New research shows mixed sentiment in the Middle East construction sector amid subdued private sector activity
Saudi Arabia bucked the trend on a subdued regional construction sector in the second quarter of 2019 as its Vision 2030 acted as a catalyst for building activity, new research has revealed.
The latest RICS Middle East Construction and Infrastructure survey results indicated a mixed sentiment in the construction sector amid subdued private sector activity, with contributors noting headline workloads to be down in most of the region.
However, this was not the case for respondents in Saudi Arabia who noted workloads had expanded at a robust pace over the second quarter.

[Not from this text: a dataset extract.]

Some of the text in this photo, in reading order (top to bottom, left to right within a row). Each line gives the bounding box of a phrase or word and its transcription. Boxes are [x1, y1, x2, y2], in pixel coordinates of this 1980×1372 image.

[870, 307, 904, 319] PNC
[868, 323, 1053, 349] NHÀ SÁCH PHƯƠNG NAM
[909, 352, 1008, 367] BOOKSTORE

The report said Saudi Arabia's more optimistic outlook was partly due to Saudi Vision 2030 acting as a driver for activity in the country, with workloads increasing across the board.
Respondents in Oman indicated that the Omanisation policy has introduced bottlenecks into the market, while contributors in Bahrain stated the imposition of a 5 percent value-added tax has dampened their economic activity.
In the UAE, the increase in infrastructure activity, particularly on road and rail projects, is supporting a broader growth in work, with contributors expecting the outlook for the next year to remain upbeat and workloads also increasing over this period.
Workloads in Oman are also expected to rise, driven by work on infrastructure projects but firms are likely to continue to cut headcounts in the sultanate.
Most markets in the Middle East saw work on infrastructure booming, which can in part be due to government spending.
Despite expectations for an increase in workloads over the next 12 months, profit margins are still expected to remain under pressure, with material costs seeing a larger increase than the cost of skilled labour, the RICS survey said.
However survey respondents expect the cost of unskilled labour to grow by 1 percent in the UAE and 1.6 percent in Oman.
In Saudi Arabia, labour and skills shortages were also highlighted as constraints holding back activity, with quantity surveyors and skilled tradespeople being the two skills most in demand.
The survey also showed that 58 percent of Saudi contributors stressed that regulation was an obstacle for activity in the kingdom, while 70 percent cited finances.
Contributors in Saudi Arabia, Kuwait and the UAE remain generally more optimistic with an expectation for overall workloads increasing over the next year.
The RICS Middle East and Asia-Pacific Construction and Infrastructure Survey is prepared every quarter to identify the trends in the construction and infrastructure markets.